YEP sports reporter Leon Wobschall catches up with Dream Team entry number one Nigel Martyn, who spent the best years of his life at Leeds.
WHEN it comes to Elland Road goalkeepers, Nigel Martyn was easily most United supporters’ favoured cup of tea.
Famously spotted at non-league St Austell by Bristol Rovers’ char lady – who was on holiday in Cornwall – Martyn, a British club-record £2.25m signing for a keeper when he came to LS11 in the summer of 1996, repaid every penny of his fee and a fair bit more besides.
It’s a fair shout that some of Martyn’s superlative displays were toasted by something infinitely stronger than tea during his seven years at United, with the west countryman a reassuring constant for six of those when he was the nearest thing to an automatic choice you could find.
The fact his stint in West Yorkshire ended on a sour note – with Martyn ostracized by Terry Venables throughout the 2002-03 campaign when he didn’t play a single league game and was unable to say his goodbyes to supporters ahead of joining Everton – ultimately reflected badly on club management and not the man himself. Left out on a limb by former boss Venables following a much-publicised unwillingness to take part in the club’s pre-season tour of the Far East and Australia in the summer of 2002, Martyn’s reputation has remained fully intact with his adoring Yorkshire public.

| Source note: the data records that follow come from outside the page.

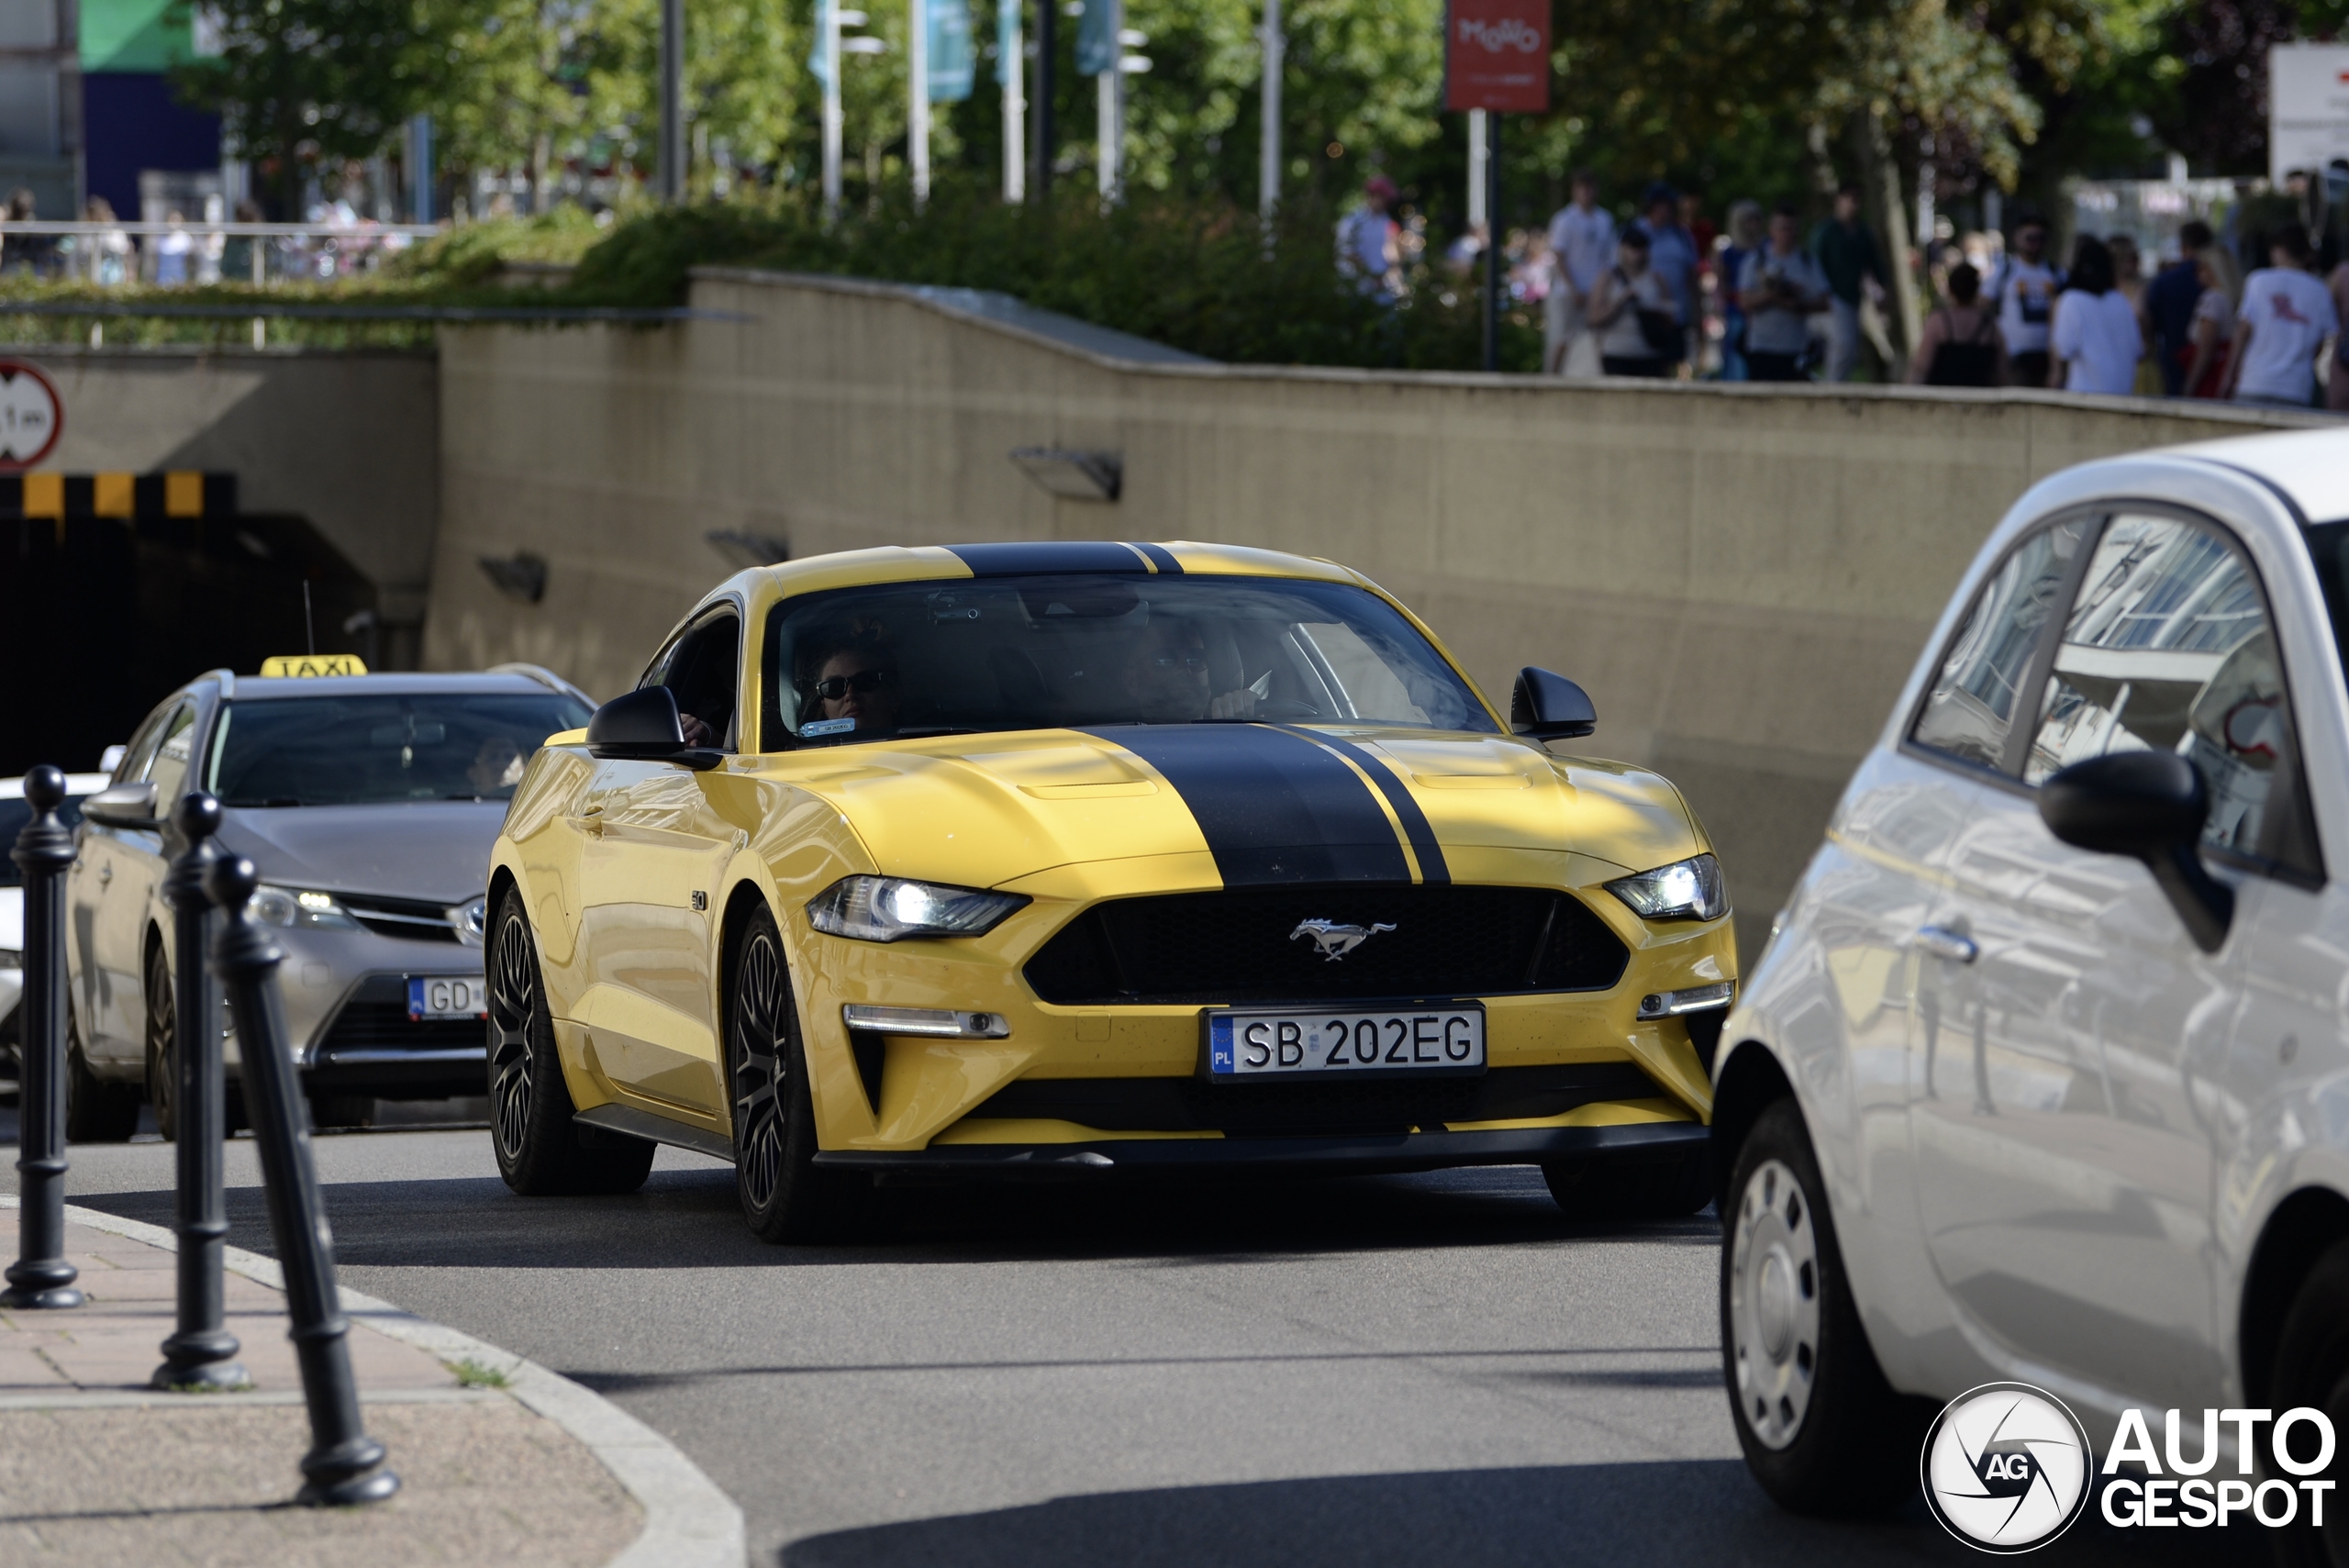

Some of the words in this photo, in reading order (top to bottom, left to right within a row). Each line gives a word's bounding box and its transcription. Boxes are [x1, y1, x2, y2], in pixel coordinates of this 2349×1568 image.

[275, 660, 351, 677] TAXI
[432, 980, 470, 1011] GD
[1244, 1021, 1304, 1068] SB
[1325, 1016, 1471, 1065] 202EG
[1215, 1052, 1231, 1065] PL

Mentally exhausted after the best part of a year without any sort of break – due to extended international commitments in the World Cup with England – Martyn, for the only time in his illustrious 20-year footballing career, put family and self first.
Pride of place is where the classy Cornishman finds himself with the Leeds faithful, who named him their top stopper in our YEP readers’ United Dream Team by a country mile, with the only noteworthy competition coming from David Harvey.
And the feeling of goodwill is reciprocated by the man affectionately known as Big Nige.
On being named as our number one No 1 Martyn, happily settled in his second home of North Yorkshire, said: “It’s a fantastic accolade.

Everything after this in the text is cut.